Sounds like they still need to organise the money, but that all sounds good!

Anyone else been in the Ice House? It's very  - ooh, I just found out it's grade II listed.




There's a tunnel through the cliffs on the other side of the river, too.


----------



## Sunspots (May 12, 2008)

hermitical said:


> I'd hate to see boats disrupt the wildfowl/wildlife of the lake though



Hmmm, fair point.  Probably depends on whether the lake and boats are supervised.  (-Mandatory nowadays, I'd guess, what with Health & Safety, etc...)  Blanket CCTV, or hire a bastard parkie (-like in Viz... ); IT'S THE ONLY WAY.  

The proposals do seem to place emphasis on wildlife and ...er... nature stuff though, so I'd say the signs are at least promising.  (-Or maybe I've just drunk the greenwash... ) 

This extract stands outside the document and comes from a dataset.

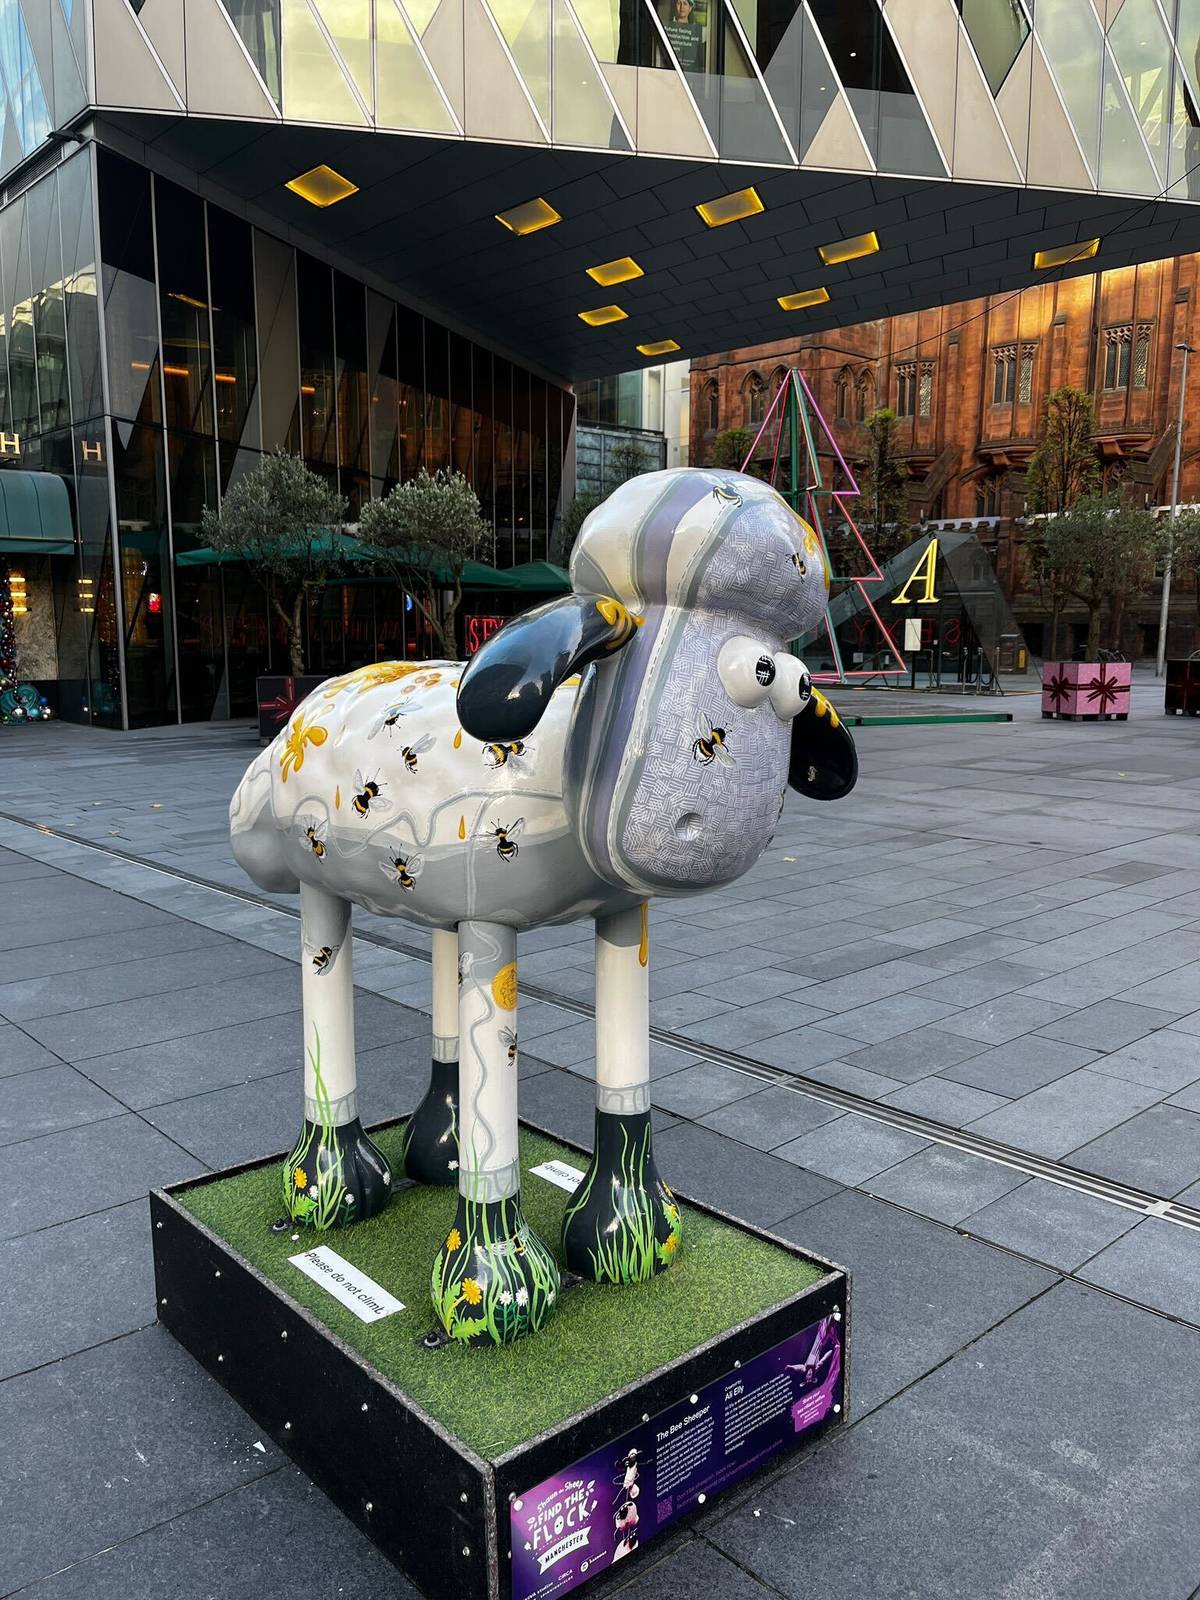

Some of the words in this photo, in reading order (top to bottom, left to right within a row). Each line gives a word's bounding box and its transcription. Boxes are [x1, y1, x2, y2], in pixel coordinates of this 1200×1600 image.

If you live in the area, maybe you should go along to a public meeting (-if there is one) and 'consult' on the matter?


----------



## Sunspots (May 12, 2008)

Crispy said:


>



Wow, is that the entrance to the Ice House, or to the tunnel through the cliffs?  

Either way, I've probably walked past it loads of times without realising what it is! 

(-Any idea where the tunnel goes to?)

I'll definitely have a better look at it next time I'm there.


----------



## Crispy (May 12, 2008)

That's the entrance to the ice house. You probably haven't walked past it, because you have to go back on yourself after crossing the river, just past the weir. (it's on the left bank, if you're facing upstream) The tunnel through the rocks is on the right hand side a bit further up, iirc. It's been a while  It has a low ceiling and a blocked up passage on one side. There might even have been some narrow guage rails, but I could be imagining it.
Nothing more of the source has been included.